Clustering of patients with any grade irAEs based on peripheral blood T-cell parameters.

(A) Unsupervised hierarchical clustering using five T-cell parameters (eTreg_post/pre, Th17/Th1_pre, Ki-67_post, CD4TNF_post, and CD8TNF_post) in the 45 patients with any grade irAEs (1 patient/row). The z-scores are column normalized. Patients with grade 1/2 irAEs are indicated in blue and patients with grade ≥3 irAEs are indicated in red.

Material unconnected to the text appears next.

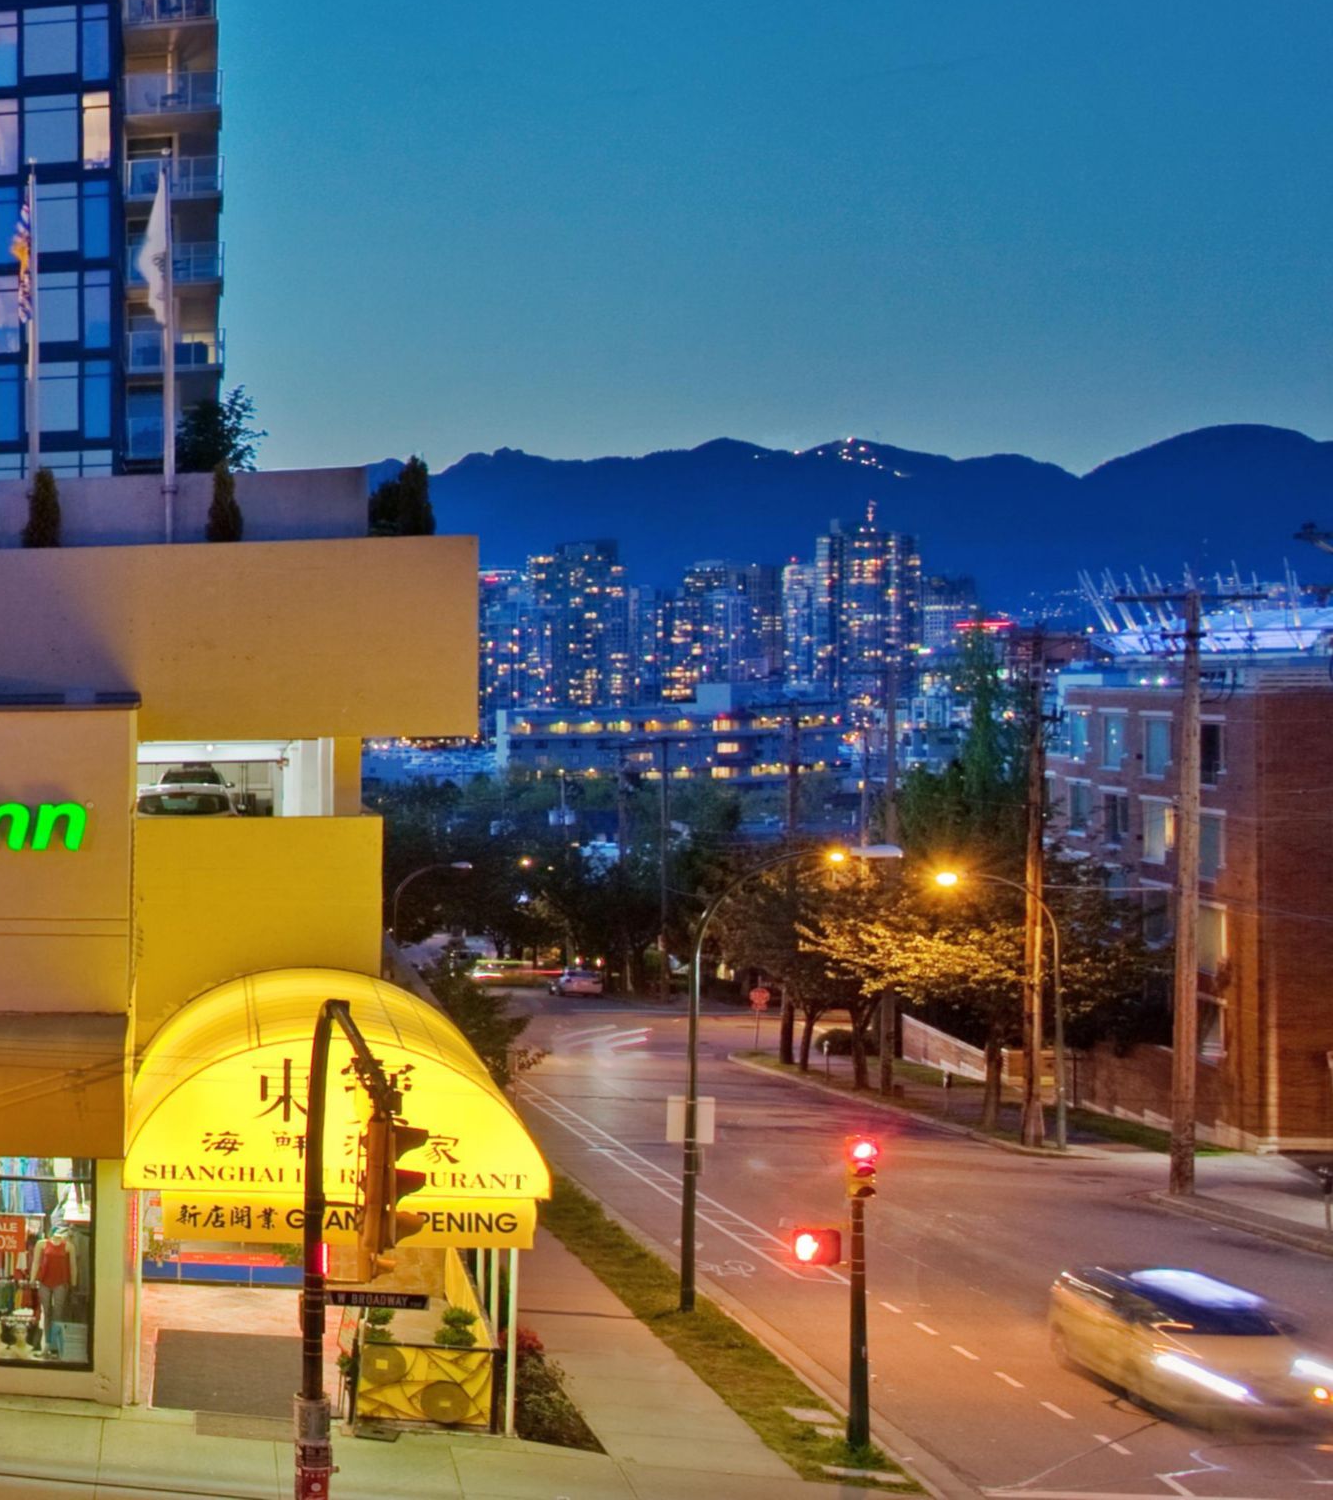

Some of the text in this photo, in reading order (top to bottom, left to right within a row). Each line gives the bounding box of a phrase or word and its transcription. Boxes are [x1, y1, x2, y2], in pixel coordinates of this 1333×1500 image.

Patients were clustered into four subgroups; TNF-related, Th17-related, CD8-related Treg compensated, and CD8-related Treg non-compensated. (B) CD4TNF_post or CD8TNF_post in patients with no irAE (n = 46), other irAEs (Th17-related and CD8-related; n = 22), and TNF-related irAEs (n = 23). (C) Th17/Th1_pre in patients with no irAE (n = 46), other irAEs (TNF-related and CD8-related; n = 39), and Th17-related irAEs (n = 6). (D-F) Ki-67_post (D), eTreg_post/pre (E), ratio of Ki-67_post and eTreg_post/pre (Ki-67_post/eTreg_post/pre) (F), in patients with no irAE (n = 46), other irAEs (TNF-related and Th17-related; n = 29), CD8-related Treg-compensated (n = 11), and CD8-related Treg-uncompensated irAEs (n = 7). Error bars indicate standard deviation of the mean. Statistical analyses were performed using Kruskal–Wallis test and post-hoc analysis by Dunn’s test (B-F). *P < .05, **P < .01, ***P < .001, ****P < .0001.